Specialists who are concerned about us loving ourselves – psychologists, spiritual guides – tell us that the ability to love ourselves as we are is related to the ability to love others as they are. Buddhist teachings tell us that we can only be happy if we learn to practice “loving-kindness” towards both ourselves and others: you cannot be kind to others if you are not kind to yourself; you cannot be kind to yourself if you are not kind to others. Didn’t Jesus himself command us to “love thy neighbour as thyself” – not more, not less?

Most of us know how to be kind to others, but how do you go about being kind to yourself? After all, this is not something anyone teaches you. If anything, unless you are extremely lucky, a lot of the teachings you received in your life will have focused on fixing your so-called faults and lacks, rather than praising what was already good about you.

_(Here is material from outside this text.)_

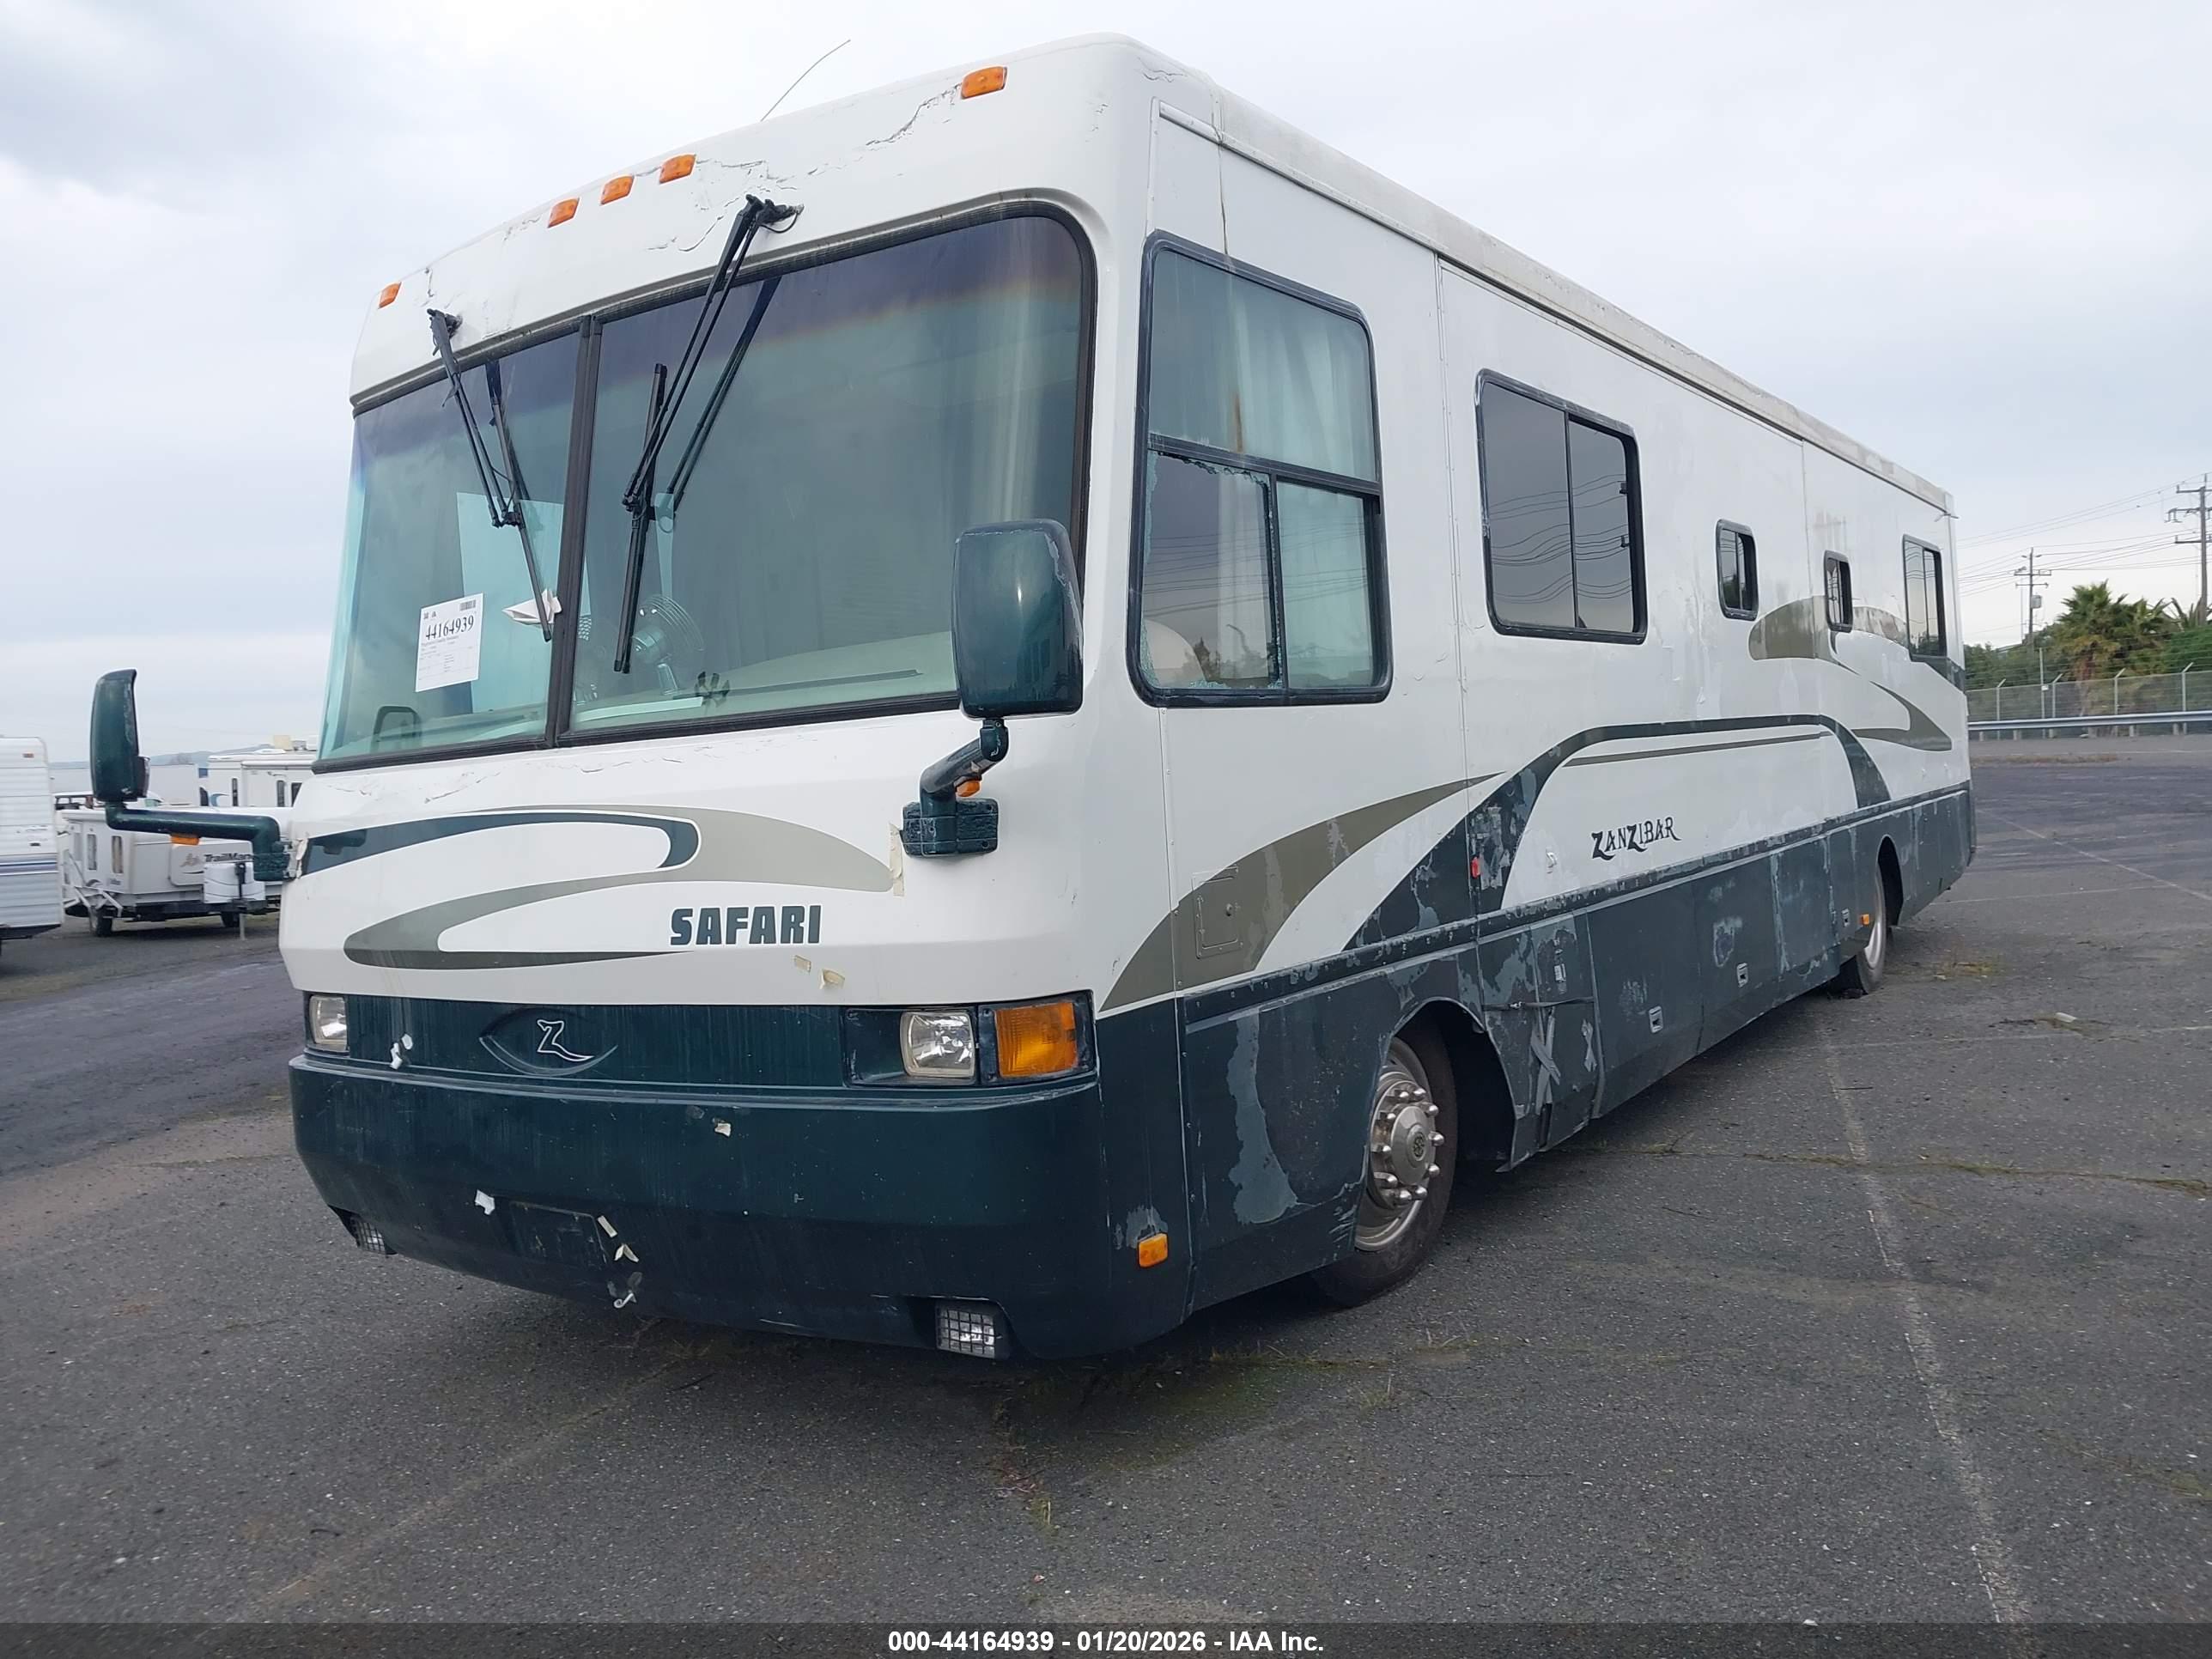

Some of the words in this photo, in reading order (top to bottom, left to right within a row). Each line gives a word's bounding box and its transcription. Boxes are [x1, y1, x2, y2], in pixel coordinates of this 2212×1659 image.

Yet, there are simple ways to do this. We can start by talking to ourselves as gently as we would to our best friends. We can take time everyday to truly stop and listen to our peace. We can look in the mirror and learn to like what we see. In the many thoughts that constantly go through our heads, we can listen out for the voice that tells us exactly what our life needs. And little by little, we can begin to trust and follow this inner guidance – even though it often tells us to rock the boat in the most uncomfortable ways.

Equally, how do you go about showing others how beautiful they are? Encouraging and praising them is the obvious way, but what if they are unable to really hear your praise? After all, do we always trust the praise we receive? Crazy as it sounds, I for one often dismiss it as “this person clearly doesn’t know what they are talking about”.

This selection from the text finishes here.